● **Work order**:
An exact repetition of every entry, with no images, is the required answer.

● **Excerpted data**:
↓
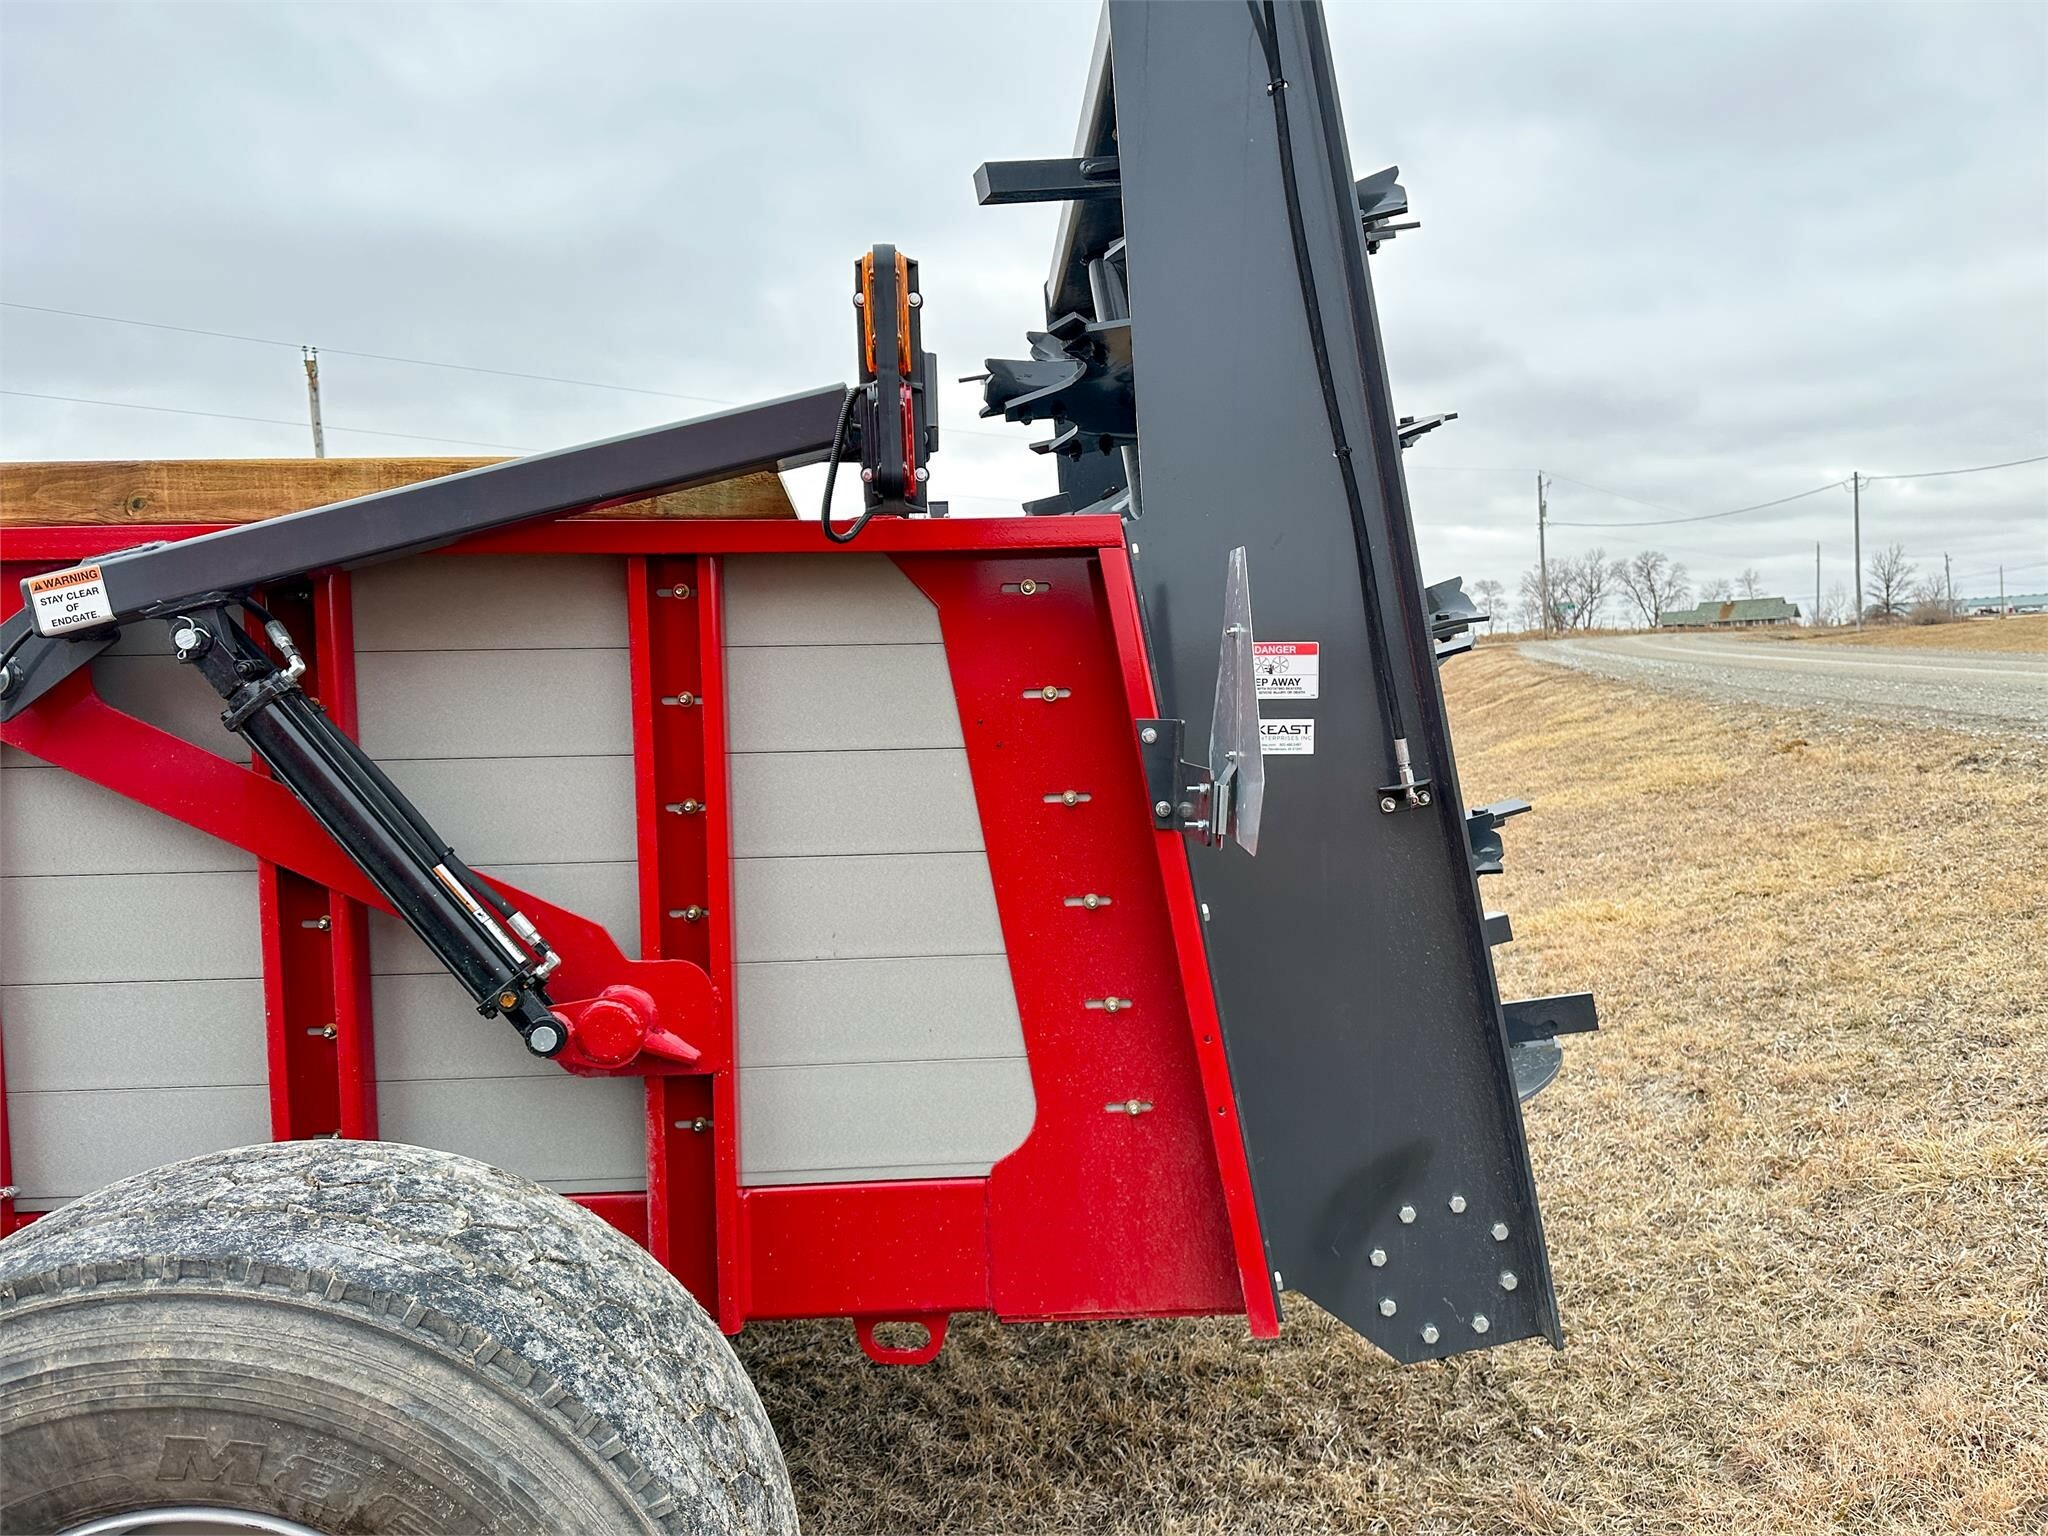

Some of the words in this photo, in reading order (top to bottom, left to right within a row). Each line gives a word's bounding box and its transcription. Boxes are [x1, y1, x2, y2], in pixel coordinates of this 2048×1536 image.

[43, 569, 98, 589] WARNING
[40, 594, 64, 606] STAY
[66, 586, 99, 601] CLEAR
[65, 603, 80, 612] OF
[51, 610, 101, 627] ENDGATE.
[1254, 645, 1297, 654] DANGER
[1256, 678, 1268, 687] EP
[1271, 678, 1301, 687] AWAY
↑
● **Output**:
Some of the words in this photo, in reading order (top to bottom, left to right within a row). Each line gives a word's bounding box and its transcription. Boxes are [x1, y1, x2, y2], in pixel coordinates of this 2048×1536 image.

[43, 569, 98, 589] WARNING
[40, 594, 64, 606] STAY
[66, 586, 99, 601] CLEAR
[65, 603, 80, 612] OF
[51, 610, 101, 627] ENDGATE.
[1254, 645, 1297, 654] DANGER
[1256, 678, 1268, 687] EP
[1271, 678, 1301, 687] AWAY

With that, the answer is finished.